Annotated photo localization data
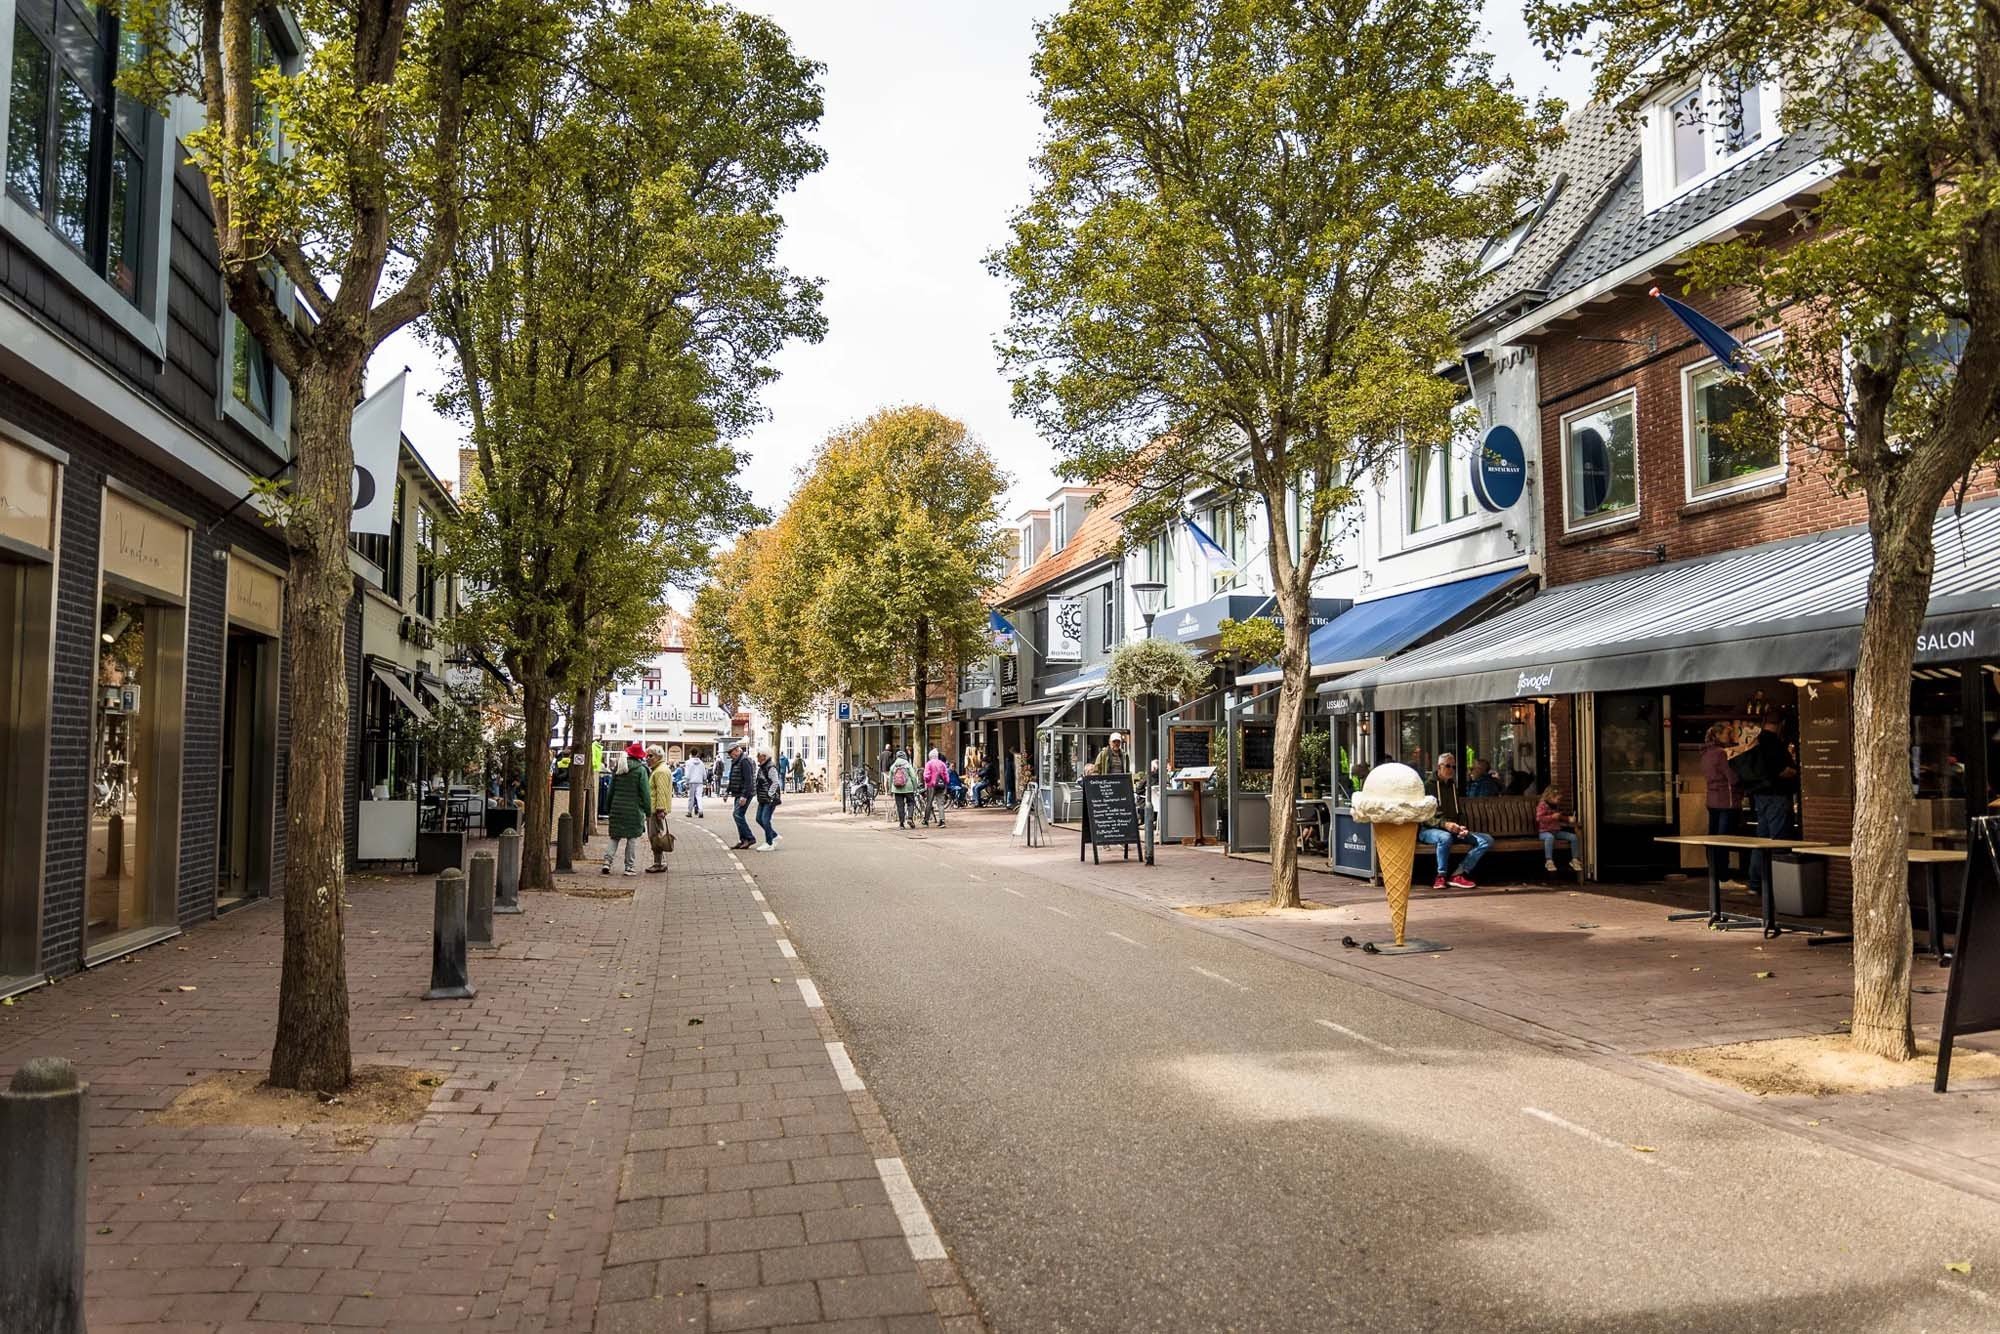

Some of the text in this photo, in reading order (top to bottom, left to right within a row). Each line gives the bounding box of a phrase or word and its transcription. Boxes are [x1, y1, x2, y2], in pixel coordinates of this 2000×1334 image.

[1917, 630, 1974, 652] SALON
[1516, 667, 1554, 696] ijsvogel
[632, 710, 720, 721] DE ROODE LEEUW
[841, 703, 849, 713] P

Work request
Each entry must be reproduced word for word, and any image among them left out.

Worked solution
Some of the text in this photo, in reading order (top to bottom, left to right within a row). Each line gives the bounding box of a phrase or word and its transcription. Boxes are [x1, y1, x2, y2], in pixel coordinates of this 2000×1334 image.

[1917, 630, 1974, 652] SALON
[1516, 667, 1554, 696] ijsvogel
[632, 710, 720, 721] DE ROODE LEEUW
[841, 703, 849, 713] P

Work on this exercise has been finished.